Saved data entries
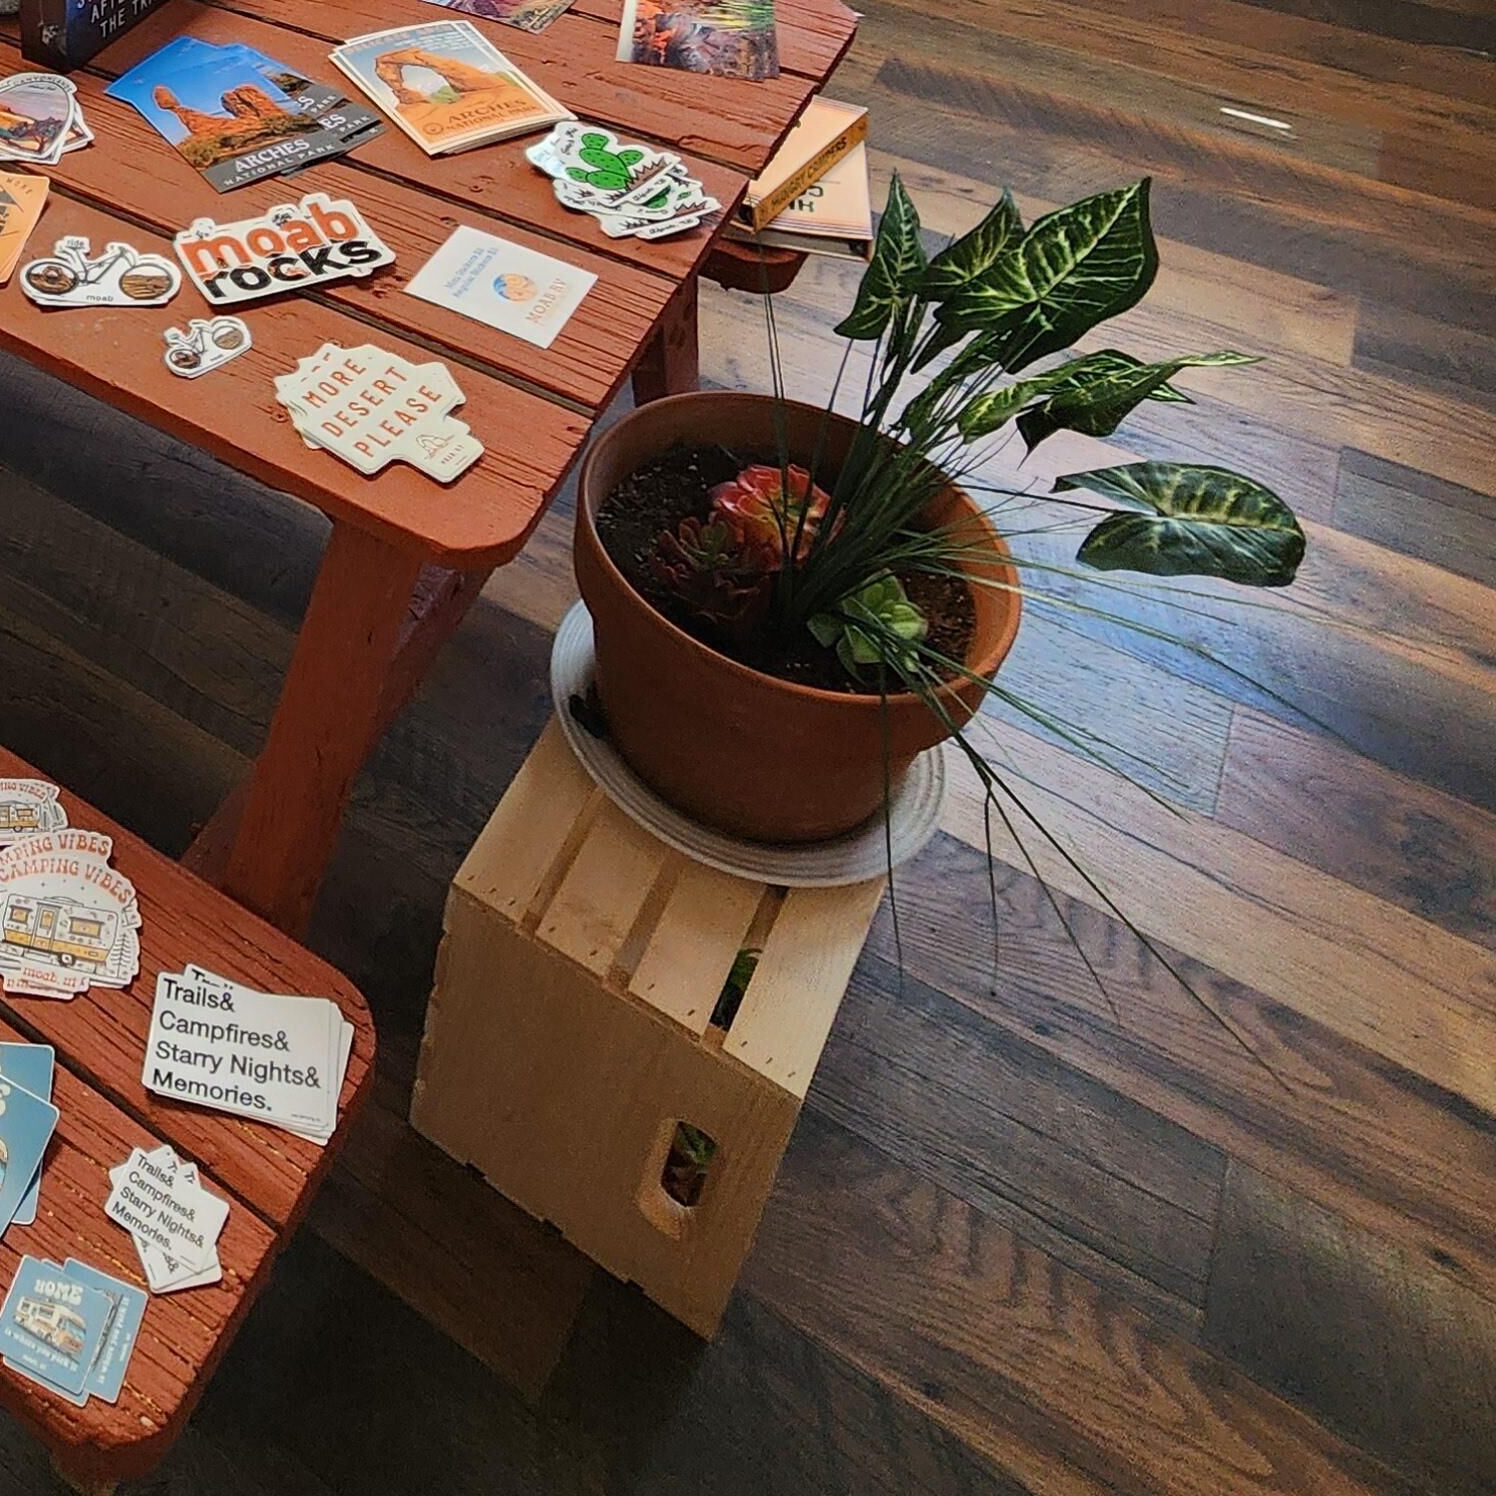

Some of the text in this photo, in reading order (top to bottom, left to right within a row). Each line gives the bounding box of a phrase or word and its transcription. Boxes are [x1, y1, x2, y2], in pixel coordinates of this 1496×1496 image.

[100, 14, 127, 39] THE
[448, 99, 528, 125] ARCHES
[223, 144, 335, 188] NATIONAL PARK
[233, 138, 311, 173] ARCHES
[184, 202, 360, 278] moab
[204, 239, 383, 300] rocks
[86, 293, 114, 304] moab
[302, 357, 369, 409] MORE
[320, 365, 409, 439] DESERT
[353, 383, 443, 460] PLEASE
[18, 782, 47, 801] VIBES
[57, 832, 111, 857] VIBES
[84, 863, 133, 905] VIBES
[163, 978, 236, 1013] Trails&
[158, 1010, 291, 1054] Campfires&
[155, 1038, 322, 1091] Starry Nights&
[151, 1067, 274, 1112] Memories.
[138, 1153, 175, 1188] Trails&
[120, 1186, 206, 1249] Starry Nights&
[128, 1170, 196, 1223] Campfires&
[111, 1200, 173, 1251] Memories.
[33, 1279, 84, 1306] HOME

**What you need to do:** Each line of the records above must be repeated exactly, but no picture belongs in the copy.

**Exercise solution:**
Some of the text in this photo, in reading order (top to bottom, left to right within a row). Each line gives the bounding box of a phrase or word and its transcription. Boxes are [x1, y1, x2, y2], in pixel coordinates of this 1496×1496 image.

[100, 14, 127, 39] THE
[448, 99, 528, 125] ARCHES
[223, 144, 335, 188] NATIONAL PARK
[233, 138, 311, 173] ARCHES
[184, 202, 360, 278] moab
[204, 239, 383, 300] rocks
[86, 293, 114, 304] moab
[302, 357, 369, 409] MORE
[320, 365, 409, 439] DESERT
[353, 383, 443, 460] PLEASE
[18, 782, 47, 801] VIBES
[57, 832, 111, 857] VIBES
[84, 863, 133, 905] VIBES
[163, 978, 236, 1013] Trails&
[158, 1010, 291, 1054] Campfires&
[155, 1038, 322, 1091] Starry Nights&
[151, 1067, 274, 1112] Memories.
[138, 1153, 175, 1188] Trails&
[120, 1186, 206, 1249] Starry Nights&
[128, 1170, 196, 1223] Campfires&
[111, 1200, 173, 1251] Memories.
[33, 1279, 84, 1306] HOME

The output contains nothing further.